◆ **What the task asks**: Your answer must be an exact copy of the records below, with no pictures in it.

◆ **Source data**:
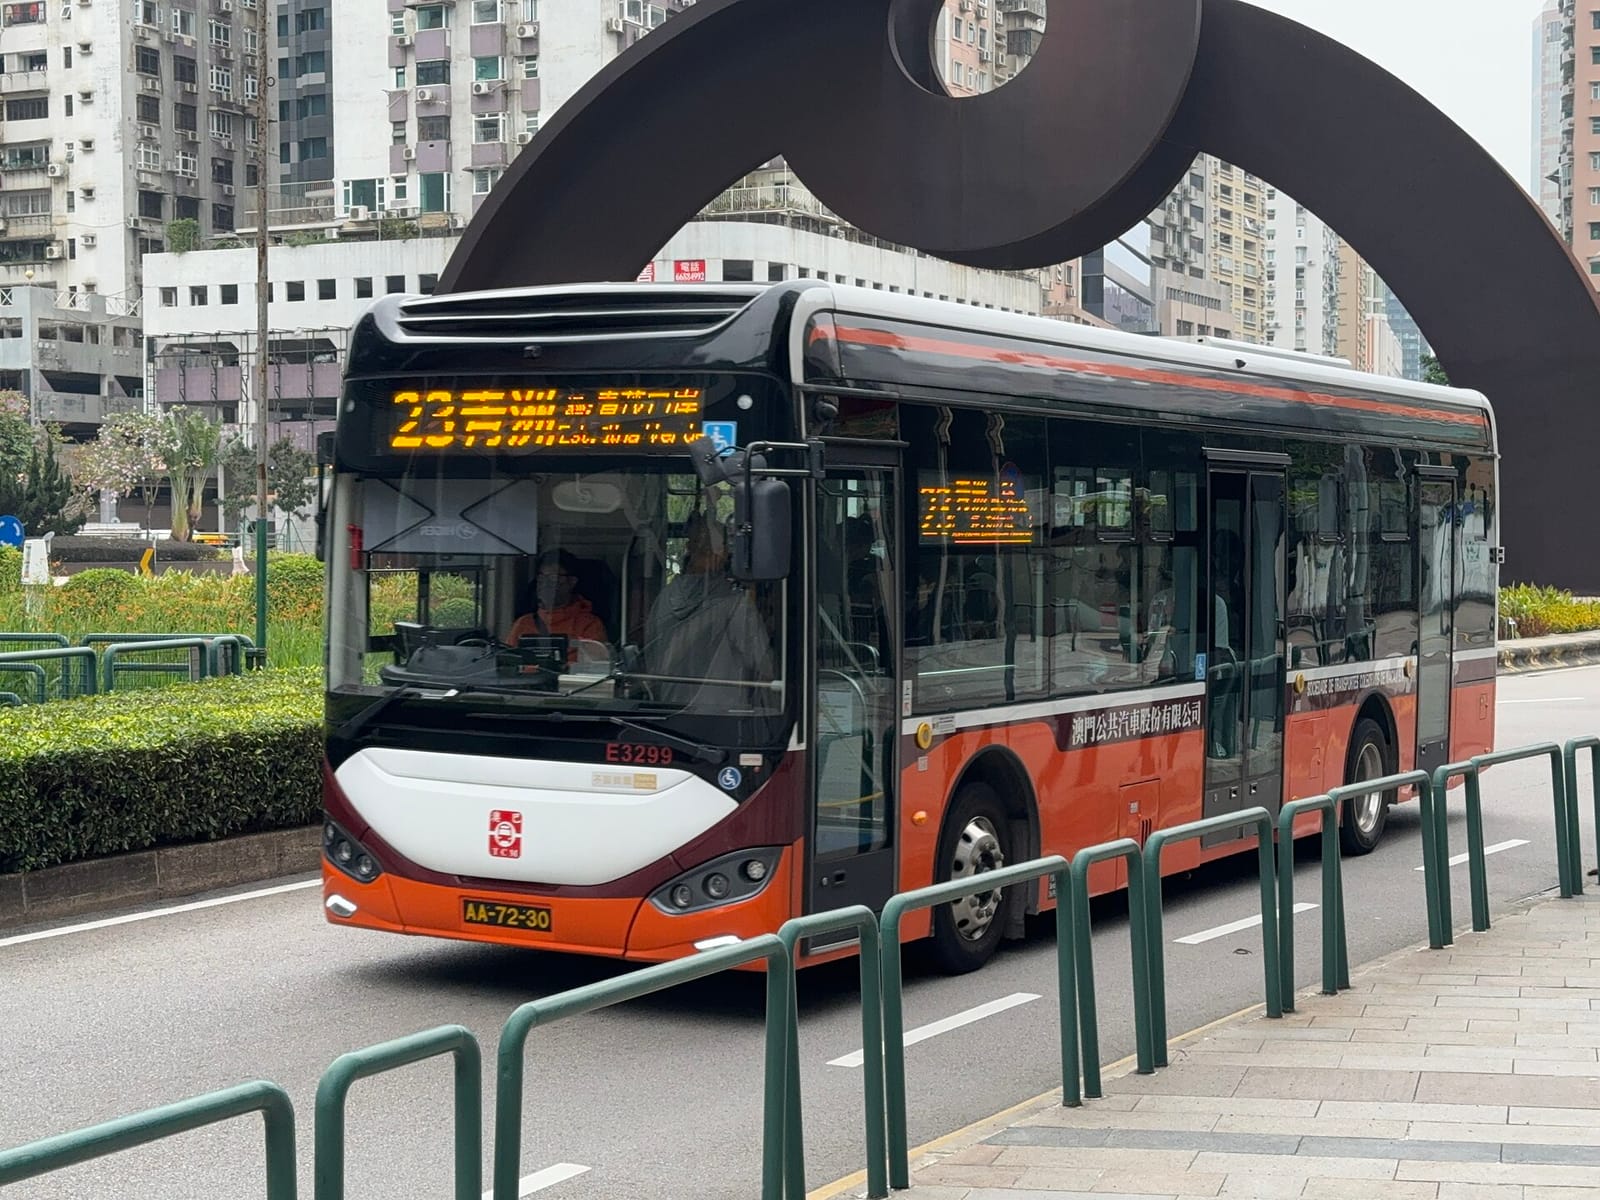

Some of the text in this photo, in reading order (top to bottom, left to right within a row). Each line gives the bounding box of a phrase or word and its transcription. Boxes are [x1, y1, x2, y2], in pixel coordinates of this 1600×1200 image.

[392, 391, 455, 447] 23
[1072, 700, 1201, 745] 澳門公共汽車股份有限公司
[606, 743, 673, 765] E3299
[492, 847, 519, 858] TCM
[465, 903, 550, 929] AA-72-30
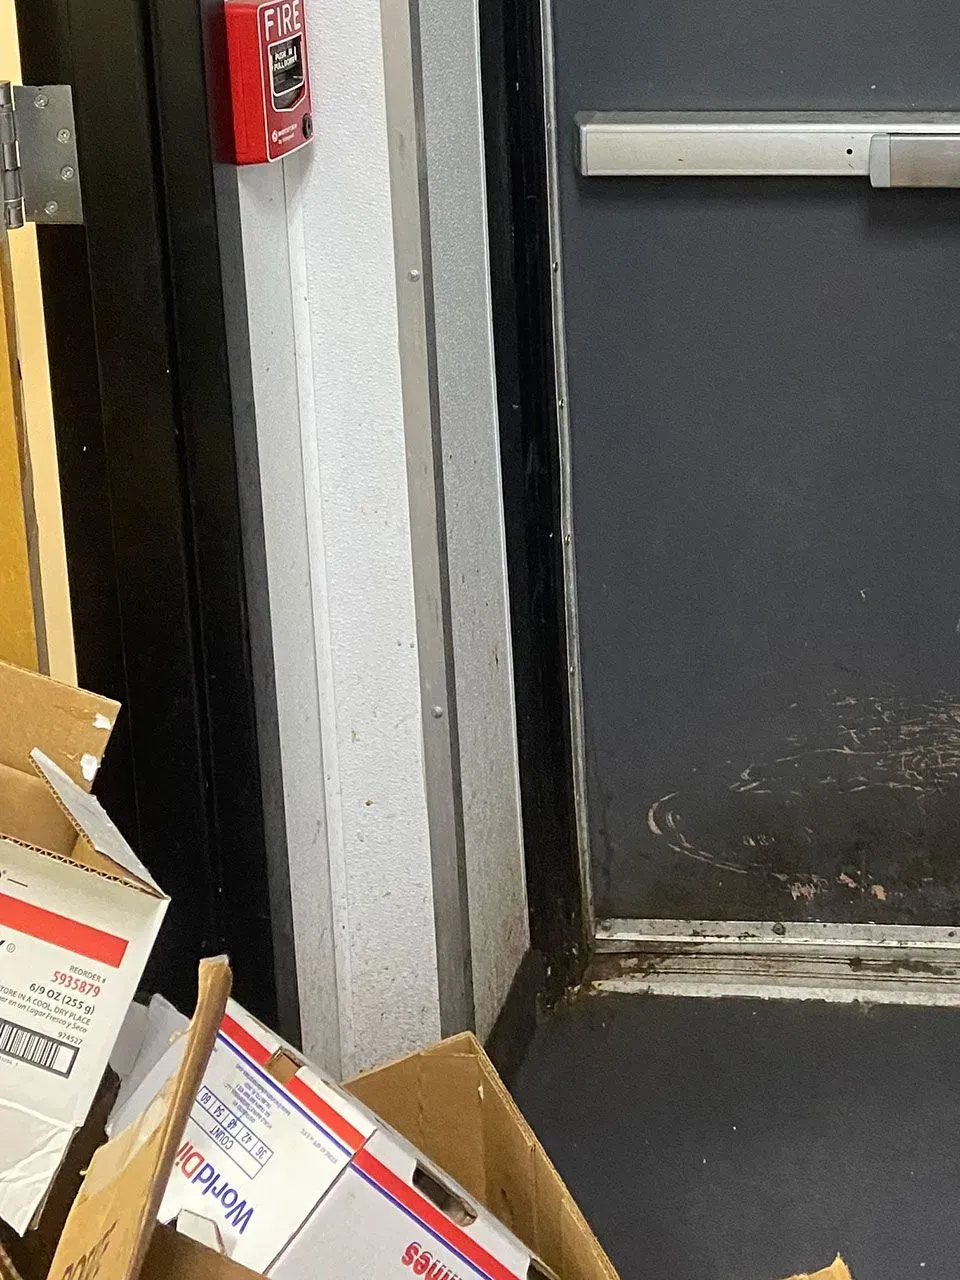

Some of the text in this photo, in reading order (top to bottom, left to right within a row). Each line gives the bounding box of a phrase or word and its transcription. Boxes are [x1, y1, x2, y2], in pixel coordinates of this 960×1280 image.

[51, 970, 101, 998] 5935879
[69, 965, 101, 982] REORDER
[17, 992, 27, 1001] IN
[32, 998, 53, 1012] COOL,
[53, 1006, 69, 1017] DRY
[69, 1012, 92, 1026] PLACE
[29, 983, 95, 1015] 6/9 OZ (255 g)
[58, 1031, 84, 1045] 974527
[71, 1022, 88, 1033] Seco
[201, 1092, 268, 1159] 36 42 48 54 60
[209, 1124, 234, 1150] COUNT

◆ **Exercise solution**:
Some of the text in this photo, in reading order (top to bottom, left to right within a row). Each line gives the bounding box of a phrase or word and its transcription. Boxes are [x1, y1, x2, y2], in pixel coordinates of this 1600×1200 image.

[392, 391, 455, 447] 23
[1072, 700, 1201, 745] 澳門公共汽車股份有限公司
[606, 743, 673, 765] E3299
[492, 847, 519, 858] TCM
[465, 903, 550, 929] AA-72-30

Some of the text in this photo, in reading order (top to bottom, left to right within a row). Each line gives the bounding box of a phrase or word and its transcription. Boxes are [x1, y1, x2, y2], in pixel coordinates of this 960×1280 image.

[51, 970, 101, 998] 5935879
[69, 965, 101, 982] REORDER
[17, 992, 27, 1001] IN
[32, 998, 53, 1012] COOL,
[53, 1006, 69, 1017] DRY
[69, 1012, 92, 1026] PLACE
[29, 983, 95, 1015] 6/9 OZ (255 g)
[58, 1031, 84, 1045] 974527
[71, 1022, 88, 1033] Seco
[201, 1092, 268, 1159] 36 42 48 54 60
[209, 1124, 234, 1150] COUNT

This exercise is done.